WORK ORDER: Retype the listing that follows, exactly as written.

[Opening MATERIAL TO PROCESS section]

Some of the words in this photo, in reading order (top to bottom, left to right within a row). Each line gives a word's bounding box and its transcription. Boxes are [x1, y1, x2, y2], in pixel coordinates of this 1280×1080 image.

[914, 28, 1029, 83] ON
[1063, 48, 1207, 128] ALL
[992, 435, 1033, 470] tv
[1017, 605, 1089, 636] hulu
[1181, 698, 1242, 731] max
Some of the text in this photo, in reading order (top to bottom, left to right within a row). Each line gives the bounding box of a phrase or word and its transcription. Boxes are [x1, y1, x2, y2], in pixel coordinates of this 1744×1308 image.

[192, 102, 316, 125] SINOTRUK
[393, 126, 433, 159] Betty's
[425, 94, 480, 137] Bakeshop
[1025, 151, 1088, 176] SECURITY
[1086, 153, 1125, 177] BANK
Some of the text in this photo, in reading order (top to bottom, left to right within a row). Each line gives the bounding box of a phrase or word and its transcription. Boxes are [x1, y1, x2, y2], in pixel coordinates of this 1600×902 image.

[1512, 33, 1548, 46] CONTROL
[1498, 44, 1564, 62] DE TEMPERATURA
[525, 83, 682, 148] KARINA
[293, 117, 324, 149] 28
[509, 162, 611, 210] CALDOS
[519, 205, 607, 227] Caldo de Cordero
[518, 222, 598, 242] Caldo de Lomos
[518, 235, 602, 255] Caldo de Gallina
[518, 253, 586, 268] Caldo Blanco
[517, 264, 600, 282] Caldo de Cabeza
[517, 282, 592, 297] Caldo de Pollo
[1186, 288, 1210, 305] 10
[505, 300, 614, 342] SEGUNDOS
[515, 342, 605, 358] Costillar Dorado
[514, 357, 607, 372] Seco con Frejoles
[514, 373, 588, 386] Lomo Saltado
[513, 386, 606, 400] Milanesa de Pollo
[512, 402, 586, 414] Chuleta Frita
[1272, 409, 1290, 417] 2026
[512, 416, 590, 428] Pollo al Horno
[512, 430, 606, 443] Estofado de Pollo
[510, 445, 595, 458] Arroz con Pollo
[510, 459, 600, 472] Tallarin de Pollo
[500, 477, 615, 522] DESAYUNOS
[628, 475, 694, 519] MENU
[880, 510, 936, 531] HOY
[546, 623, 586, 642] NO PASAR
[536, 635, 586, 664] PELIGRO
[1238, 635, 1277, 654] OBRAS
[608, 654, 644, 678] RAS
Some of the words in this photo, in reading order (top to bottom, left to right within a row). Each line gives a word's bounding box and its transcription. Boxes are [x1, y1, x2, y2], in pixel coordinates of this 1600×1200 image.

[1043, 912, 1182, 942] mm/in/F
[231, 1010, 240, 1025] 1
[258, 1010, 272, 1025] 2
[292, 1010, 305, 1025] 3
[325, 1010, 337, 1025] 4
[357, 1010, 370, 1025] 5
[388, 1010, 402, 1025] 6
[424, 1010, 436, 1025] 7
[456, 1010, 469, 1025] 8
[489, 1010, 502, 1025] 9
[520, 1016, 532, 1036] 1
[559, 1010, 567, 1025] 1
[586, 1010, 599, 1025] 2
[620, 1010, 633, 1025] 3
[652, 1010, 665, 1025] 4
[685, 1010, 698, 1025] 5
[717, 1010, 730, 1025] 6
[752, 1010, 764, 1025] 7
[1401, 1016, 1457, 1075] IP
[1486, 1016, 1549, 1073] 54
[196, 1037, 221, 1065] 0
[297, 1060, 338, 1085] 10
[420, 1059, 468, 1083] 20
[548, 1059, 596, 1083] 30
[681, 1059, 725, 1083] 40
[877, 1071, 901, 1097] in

[Closing MATERIAL TO PROCESS section]

ANSWER FOR THE TASK:
Some of the words in this photo, in reading order (top to bottom, left to right within a row). Each line gives a word's bounding box and its transcription. Boxes are [x1, y1, x2, y2], in pixel coordinates of this 1280×1080 image.

[914, 28, 1029, 83] ON
[1063, 48, 1207, 128] ALL
[992, 435, 1033, 470] tv
[1017, 605, 1089, 636] hulu
[1181, 698, 1242, 731] max
Some of the text in this photo, in reading order (top to bottom, left to right within a row). Each line gives the bounding box of a phrase or word and its transcription. Boxes are [x1, y1, x2, y2], in pixel coordinates of this 1744×1308 image.

[192, 102, 316, 125] SINOTRUK
[393, 126, 433, 159] Betty's
[425, 94, 480, 137] Bakeshop
[1025, 151, 1088, 176] SECURITY
[1086, 153, 1125, 177] BANK
Some of the text in this photo, in reading order (top to bottom, left to right within a row). Each line gives the bounding box of a phrase or word and its transcription. Boxes are [x1, y1, x2, y2], in pixel coordinates of this 1600×902 image.

[1512, 33, 1548, 46] CONTROL
[1498, 44, 1564, 62] DE TEMPERATURA
[525, 83, 682, 148] KARINA
[293, 117, 324, 149] 28
[509, 162, 611, 210] CALDOS
[519, 205, 607, 227] Caldo de Cordero
[518, 222, 598, 242] Caldo de Lomos
[518, 235, 602, 255] Caldo de Gallina
[518, 253, 586, 268] Caldo Blanco
[517, 264, 600, 282] Caldo de Cabeza
[517, 282, 592, 297] Caldo de Pollo
[1186, 288, 1210, 305] 10
[505, 300, 614, 342] SEGUNDOS
[515, 342, 605, 358] Costillar Dorado
[514, 357, 607, 372] Seco con Frejoles
[514, 373, 588, 386] Lomo Saltado
[513, 386, 606, 400] Milanesa de Pollo
[512, 402, 586, 414] Chuleta Frita
[1272, 409, 1290, 417] 2026
[512, 416, 590, 428] Pollo al Horno
[512, 430, 606, 443] Estofado de Pollo
[510, 445, 595, 458] Arroz con Pollo
[510, 459, 600, 472] Tallarin de Pollo
[500, 477, 615, 522] DESAYUNOS
[628, 475, 694, 519] MENU
[880, 510, 936, 531] HOY
[546, 623, 586, 642] NO PASAR
[536, 635, 586, 664] PELIGRO
[1238, 635, 1277, 654] OBRAS
[608, 654, 644, 678] RAS
Some of the words in this photo, in reading order (top to bottom, left to right within a row). Each line gives a word's bounding box and its transcription. Boxes are [x1, y1, x2, y2], in pixel coordinates of this 1600×1200 image.

[1043, 912, 1182, 942] mm/in/F
[231, 1010, 240, 1025] 1
[258, 1010, 272, 1025] 2
[292, 1010, 305, 1025] 3
[325, 1010, 337, 1025] 4
[357, 1010, 370, 1025] 5
[388, 1010, 402, 1025] 6
[424, 1010, 436, 1025] 7
[456, 1010, 469, 1025] 8
[489, 1010, 502, 1025] 9
[520, 1016, 532, 1036] 1
[559, 1010, 567, 1025] 1
[586, 1010, 599, 1025] 2
[620, 1010, 633, 1025] 3
[652, 1010, 665, 1025] 4
[685, 1010, 698, 1025] 5
[717, 1010, 730, 1025] 6
[752, 1010, 764, 1025] 7
[1401, 1016, 1457, 1075] IP
[1486, 1016, 1549, 1073] 54
[196, 1037, 221, 1065] 0
[297, 1060, 338, 1085] 10
[420, 1059, 468, 1083] 20
[548, 1059, 596, 1083] 30
[681, 1059, 725, 1083] 40
[877, 1071, 901, 1097] in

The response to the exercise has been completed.